Projetos
de lei ameaçam futuro hídrico, climático e a biodiversidade do país.
Cerca de 40 iniciativas do Congresso Nacional que colocam
em risco as unidades de conservação e terras indígenas, como o Parque Nacional
do Juruena. Foto: © Adriano Gambarini.
Por Jaime Gesisky, do WWF-Brasil –
O Congresso Nacional retomou as atividades esta
semana, e com isso voltam a tramitar pela Câmara e o Senado diversos projetos
de lei que colocam em risco o patrimônio natural brasileiro. Mesmo com as
evidências sobre o papel das áreas protegidas na manutenção das fontes de água,
do equilíbrio climático e manutenção da biodiversidade, os parlamentares
insistem em reduzir as áreas protegidas do país.
Entre projetos novos, apensados e aqueles que
esperam nos escaninhos das duas casas legislativas, somam-se cerca de 40
iniciativas que diminuem a proteção daquilo que – por lei – deveria ser
intocável.
A começar pela Constituição Federal, que diz que o
meio ambiente saudável, íntegro e gerador de serviços para a população é um
direito de todos e deve ser garantido pelo Estado. Outras tantas leis, decretos
e regulamentos completam o que os especialistas chamam de marco legal de
proteção da natureza. Entre essas leis está a que criou o Sistema Nacional de
Unidades de Conservação, o Snuc.
Entenda o Snuc
Depois de 15 anos de existência ajudando a garantir
as Unidades de Conservação (UCs), o Snuc está sob fogo cruzado. Um projeto de
lei do deputado Toninho Pinheiro (PP-MG) quer alterar a lei. A proposta é
modificar a metodologia que estabelece as zonas de amortecimento – faixas ao
redor das UCs para aumentar a proteção de parques nacionais, reservas
extrativistas e estações ecológicas –, além de limitar o tamanho desses espaços
para, no máximo, dois mil metros. Hoje a faixa protetiva é determinada conforme
o tamanho, a localização e a função das unidades, mas a recomendação geral é
que fique em torno de 10 mil metros.
Outro ponto preocupante embutido na proposta é que
a zona de amortecimento “não poderá situar-se dentro de zona urbana sob pena de
implicar em indenização ao proprietário”. Apesar de reduzir a proteção à
natureza, o projeto 1299 recebeu parecer favorável do relator, deputado Josué
Bengtson (PTB-PA), na Comissão de Meio Ambiente e Desenvolvimento Sustentável
(CMADS).
No relatório, ele justifica que “a proposta vem em
momento ideal, pois representa maior segurança jurídica e transparência na
criação da chamada zona de amortecimento e corredores ecológicos quando da
criação da unidade de conservação”.
Desmonte
Bengton é membro da Frente Parlamentar da
Agropecuária (FPA), e um dos autores do Projeto de Lei Complementar (PLP)

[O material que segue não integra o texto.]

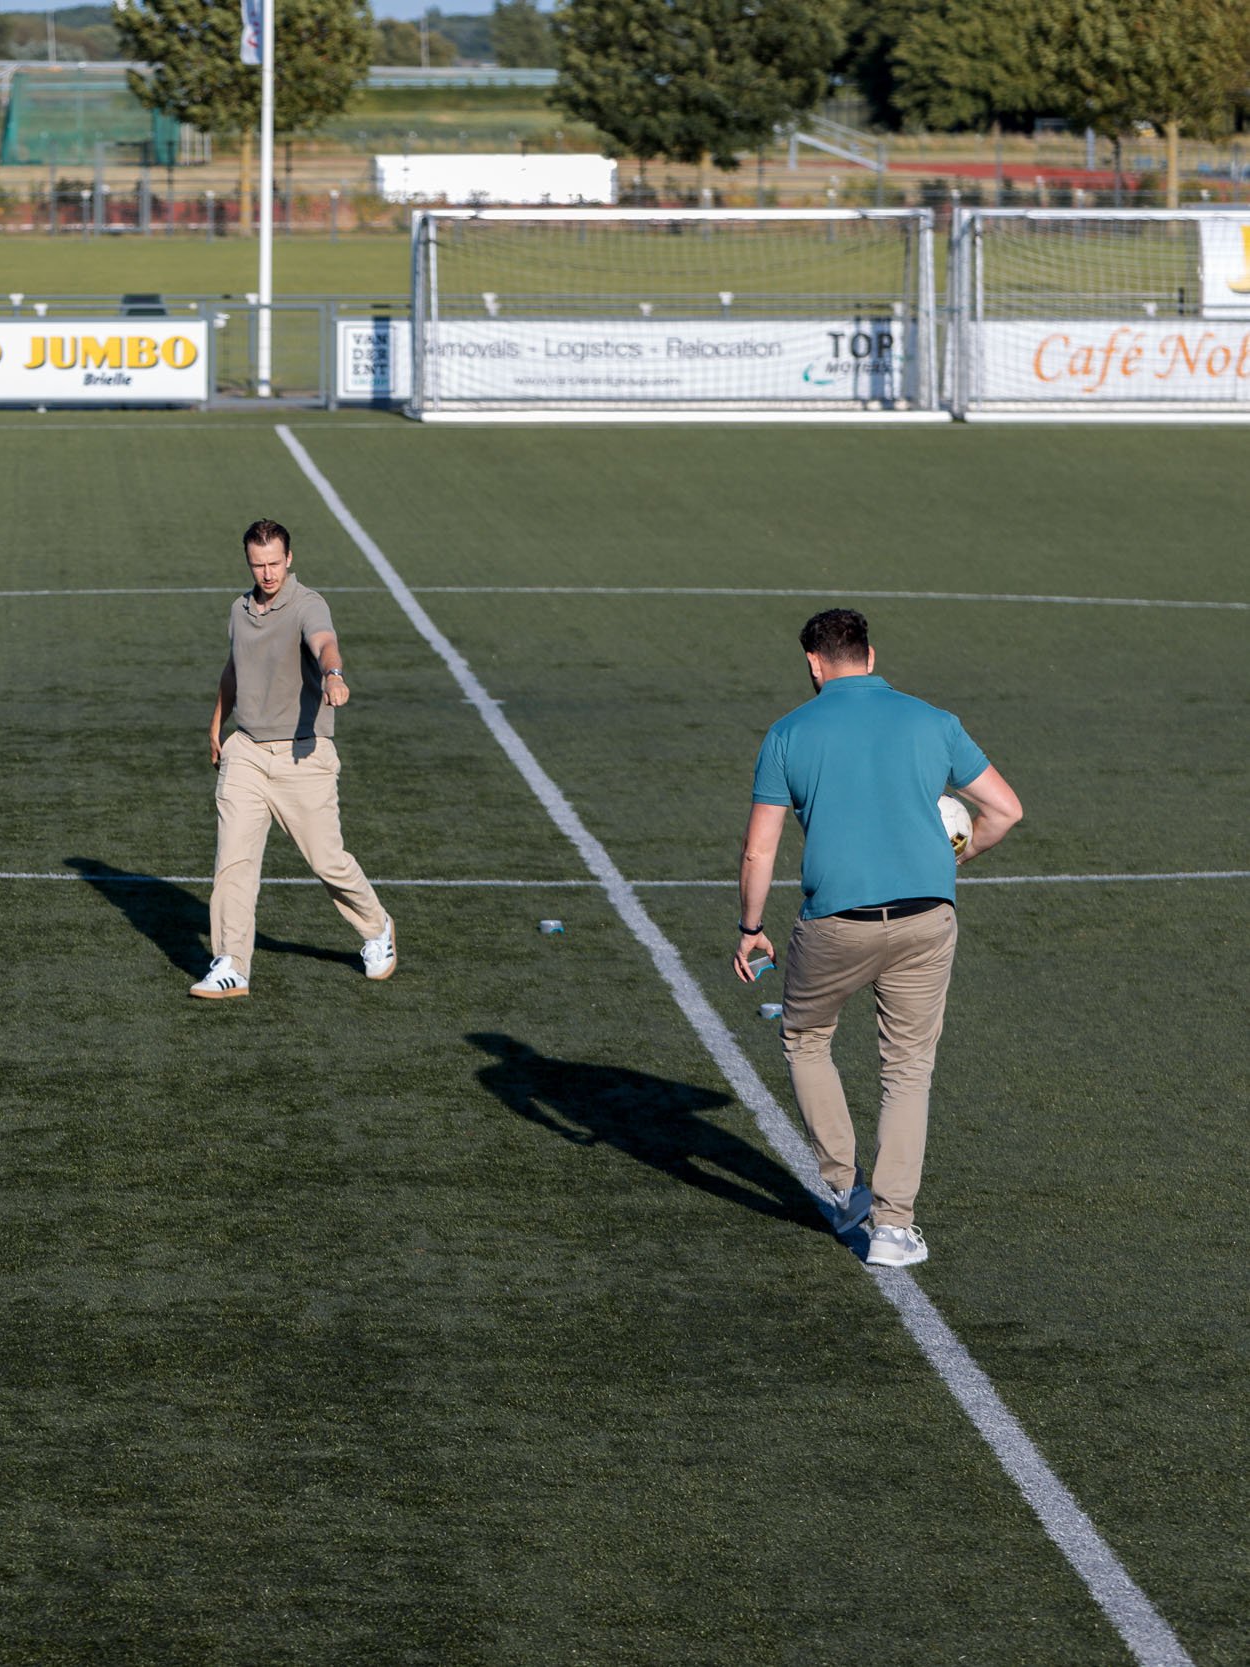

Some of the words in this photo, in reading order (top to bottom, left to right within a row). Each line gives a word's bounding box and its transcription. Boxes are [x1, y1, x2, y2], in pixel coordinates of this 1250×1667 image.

[352, 333, 388, 345] VAN
[423, 338, 520, 359] movals
[544, 337, 643, 363] Logistics
[666, 337, 783, 359] Relocation
[827, 333, 894, 358] TOP
[23, 335, 198, 370] JUMBO
[1033, 327, 1146, 393] Café
[83, 374, 131, 387] Brielle
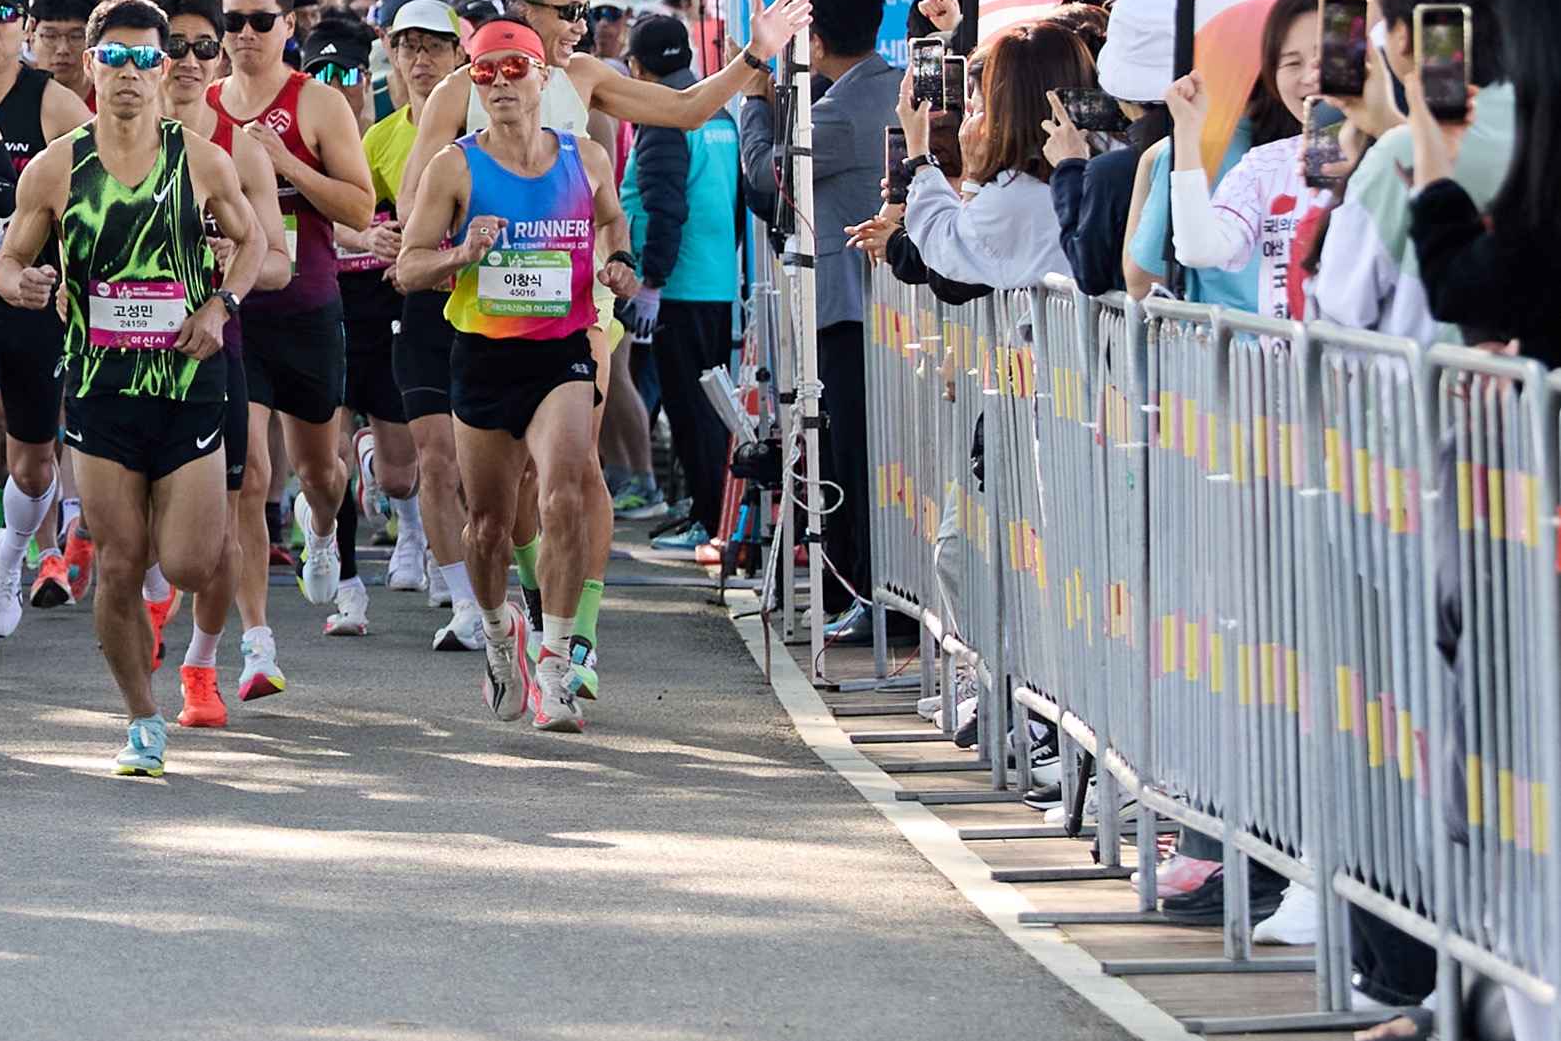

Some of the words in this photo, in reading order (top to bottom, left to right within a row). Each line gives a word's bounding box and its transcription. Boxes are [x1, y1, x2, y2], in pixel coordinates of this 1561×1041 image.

[504, 273, 542, 288] 이창식
[113, 304, 153, 319] 고성민
[131, 336, 166, 347] 아산시

227/2012, que visa regulamentar o artigo 231 da Constituição Federal –
apontando exceções ao direito de uso exclusivo dos indígenas de suas terras
tradicionais, em caso de “relevante interesse público da União”. Entre as
exceções, está a exploração dos territórios protegidos pela rede do agronegócio,
empresas de mineração, além da construção de empreendimentos ligados aos
interesses das esferas de governo – federal, estadual e municipal.
Com o argumento de que as faixas de proteção
prejudicam a expansão da fronteira agrícola brasileira, o deputado Valdir
Colatto (PMDB-SC) defende a aprovação do PL 1299. “Precisamos discutir áreas
antigas com zonas de 10 quilômetros de proteção. Isso é um transtorno e
inviável para o desenvolvimento desse país”, justificou Colatto.
O parlamentar, também ligado à bancada ruralista,
lembrou que ele é autor de um projeto que altera a Lei do Snuc (PL 2110/2007) e
que exige que as unidades de conservação sejam criadas por lei, limitando em
até 500 metros a zona de amortecimento. A proposta de Colatto, apensada ao PL
5477/05, possibilita ainda o uso das áreas particulares localizadas no interior
das UCs, enquanto não houver o pagamento da devida indenização.
O Instituto Chico Mendes de Conservação da
Biodiversidade (ICMBio) apresentou nota técnica contrária a esta proposta.
Segundo o órgão ambiental, o PL 1299/15 apresenta argumentos inconsistentes e
equivocados quanto ao conceito e aos objetivos de uma zona de amortecimento
(ZA) e de criação de uma unidade de conservação. Um ponto questionável é sobre
a fixação de forma rígida da ZA, em dois mil metros (2 km) de raio no entorno
da UC, sem levar em conta critérios ecológicos, sociais e econômicos.
A Instrução Normativa 5/08 do ICMBio não especifica
os tamanhos de zonas de amortecimento, visto que essas devem ser estabelecidas
e dimensionadas caso a caso.
Na avaliação do líder do Partido Verde, José Sarney
Filho (MA), a proposta não deve ser aprovada da forma que está, uma vez que
cada unidade de conservação tem características próprias, não sendo possível a
padronização de tamanho e localização das zonas de amortecimento. “Não se pode
prejudicar um dos poucos instrumentos de que ainda dispomos para a proteção do
meio ambiente para atender a interesses localizados”.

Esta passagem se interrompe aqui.